• [DIRECTIONS FOR THIS TASK]
Make an exact copy of all the records, one that contains none of the pictures.
····················
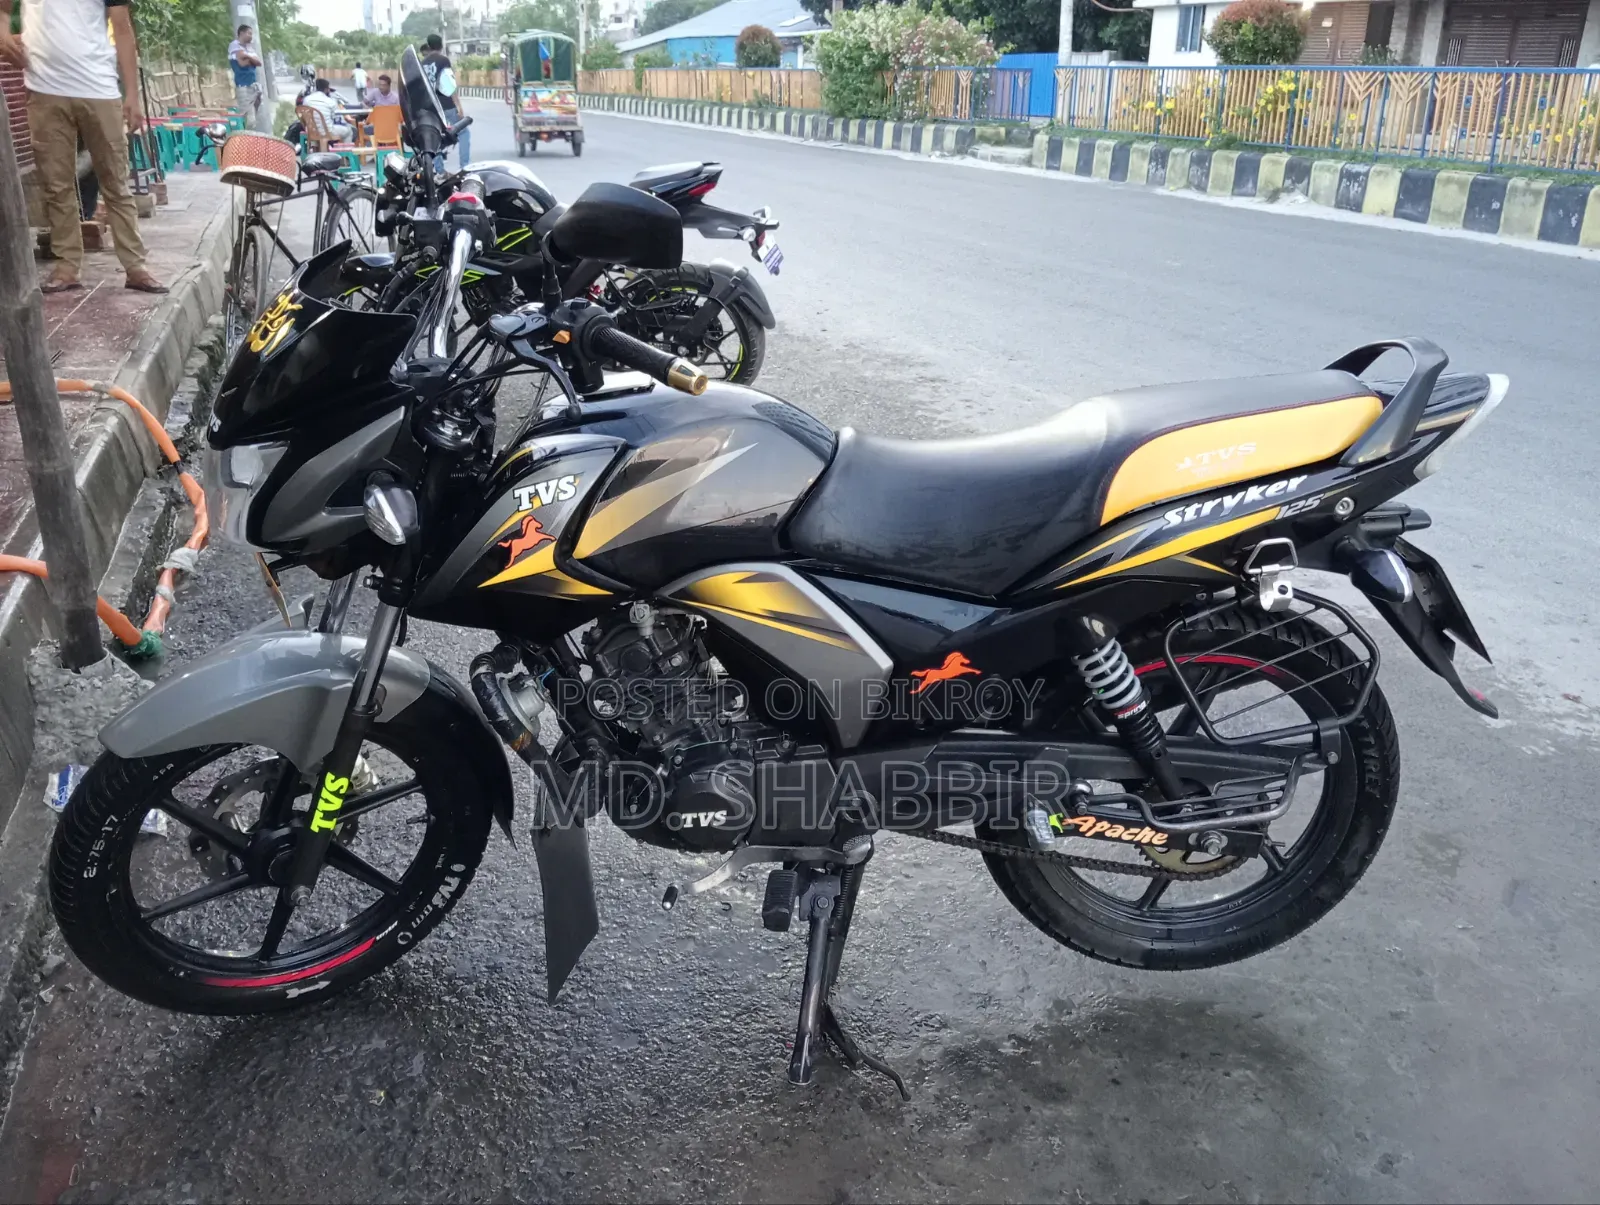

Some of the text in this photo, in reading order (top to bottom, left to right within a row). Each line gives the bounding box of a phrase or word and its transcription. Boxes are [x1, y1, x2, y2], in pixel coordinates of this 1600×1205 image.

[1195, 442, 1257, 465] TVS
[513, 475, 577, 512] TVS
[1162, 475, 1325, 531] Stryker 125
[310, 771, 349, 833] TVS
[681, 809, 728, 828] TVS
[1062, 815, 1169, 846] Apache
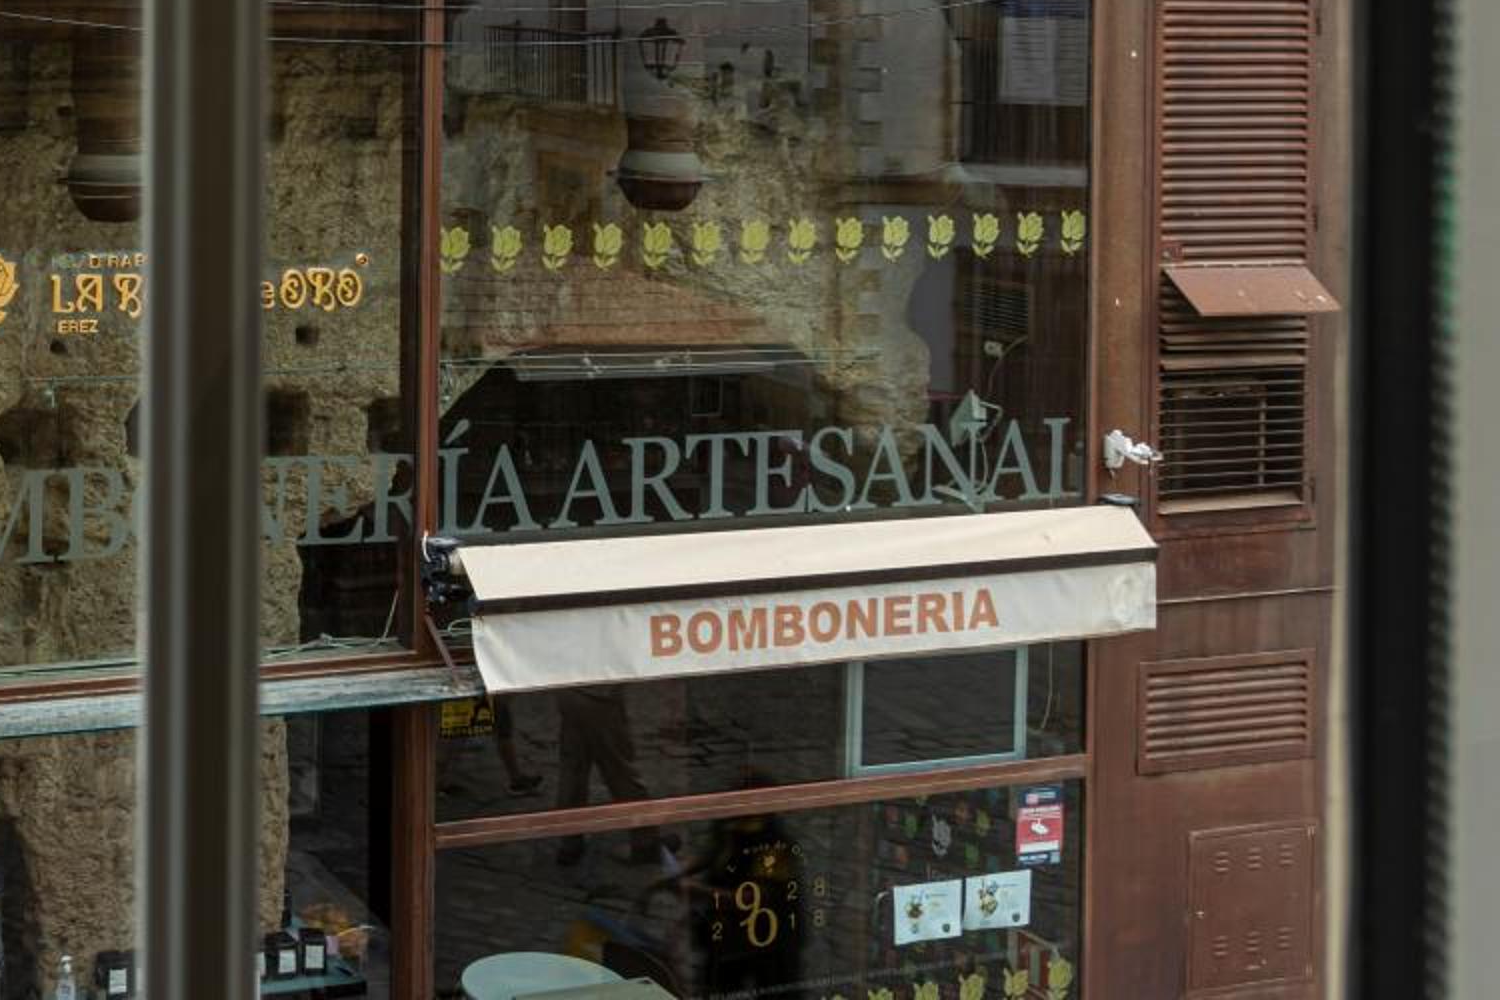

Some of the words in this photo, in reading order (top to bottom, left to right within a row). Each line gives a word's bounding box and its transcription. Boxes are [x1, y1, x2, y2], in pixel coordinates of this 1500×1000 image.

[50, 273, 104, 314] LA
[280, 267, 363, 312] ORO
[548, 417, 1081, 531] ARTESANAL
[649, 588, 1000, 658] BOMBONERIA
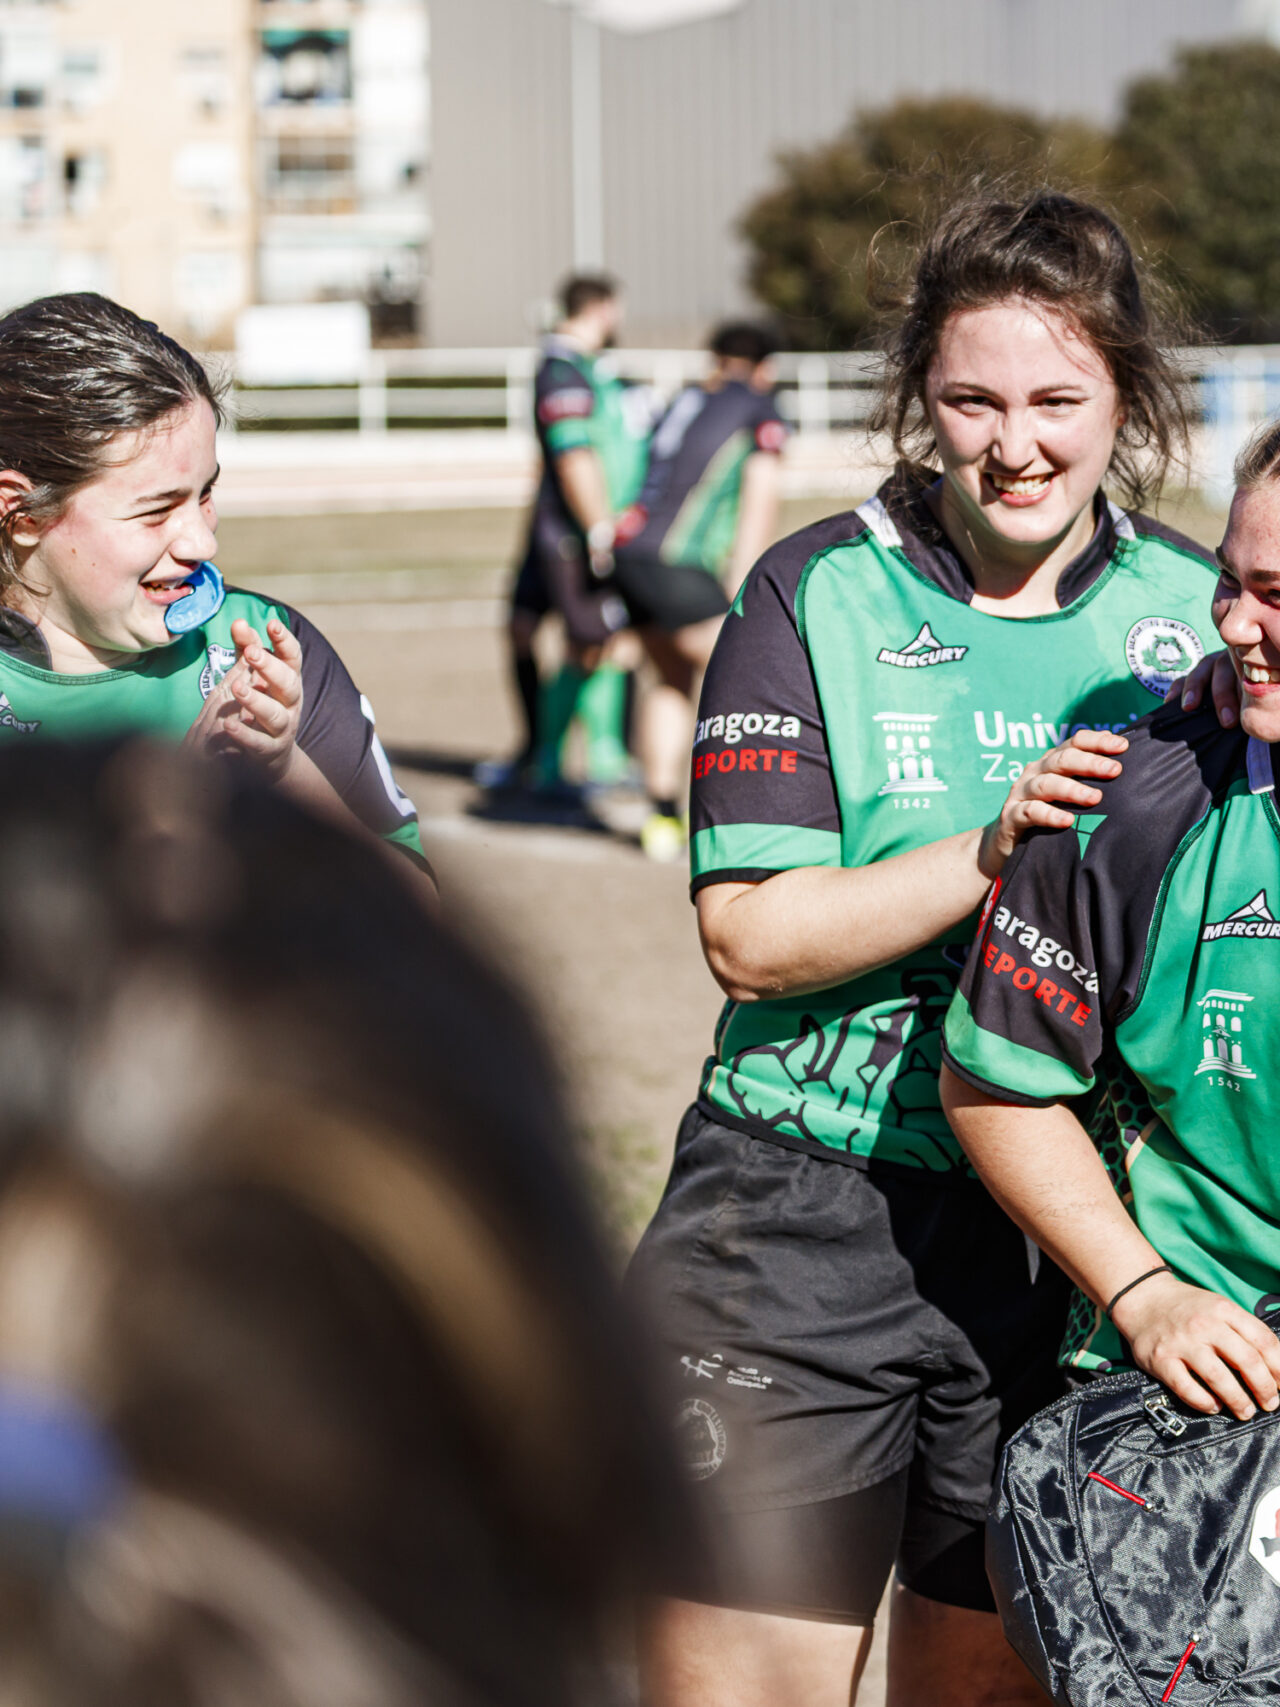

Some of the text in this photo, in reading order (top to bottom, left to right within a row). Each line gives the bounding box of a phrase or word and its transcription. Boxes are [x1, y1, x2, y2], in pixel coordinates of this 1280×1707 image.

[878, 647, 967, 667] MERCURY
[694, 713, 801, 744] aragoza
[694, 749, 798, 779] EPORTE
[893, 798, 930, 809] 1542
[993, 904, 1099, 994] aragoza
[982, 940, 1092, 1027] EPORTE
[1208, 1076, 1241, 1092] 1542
····················
• [REPLY TO THE TASK]
Some of the text in this photo, in reading order (top to bottom, left to right within a row). Each line gives the bounding box of a phrase or word and its transcription. Boxes are [x1, y1, x2, y2], in pixel coordinates of this 1600×1205 image.

[1195, 442, 1257, 465] TVS
[513, 475, 577, 512] TVS
[1162, 475, 1325, 531] Stryker 125
[310, 771, 349, 833] TVS
[681, 809, 728, 828] TVS
[1062, 815, 1169, 846] Apache

Some of the words in this photo, in reading order (top to bottom, left to right within a row). Each line gives a word's bounding box and its transcription. Boxes are [x1, y1, x2, y2], in pixel coordinates of this 1500×1000 image.

[50, 273, 104, 314] LA
[280, 267, 363, 312] ORO
[548, 417, 1081, 531] ARTESANAL
[649, 588, 1000, 658] BOMBONERIA

Some of the text in this photo, in reading order (top to bottom, left to right within a row). Each line gives the bounding box of a phrase or word and its transcription. Boxes are [x1, y1, x2, y2], in pixel coordinates of this 1280×1707 image.

[878, 647, 967, 667] MERCURY
[694, 713, 801, 744] aragoza
[694, 749, 798, 779] EPORTE
[893, 798, 930, 809] 1542
[993, 904, 1099, 994] aragoza
[982, 940, 1092, 1027] EPORTE
[1208, 1076, 1241, 1092] 1542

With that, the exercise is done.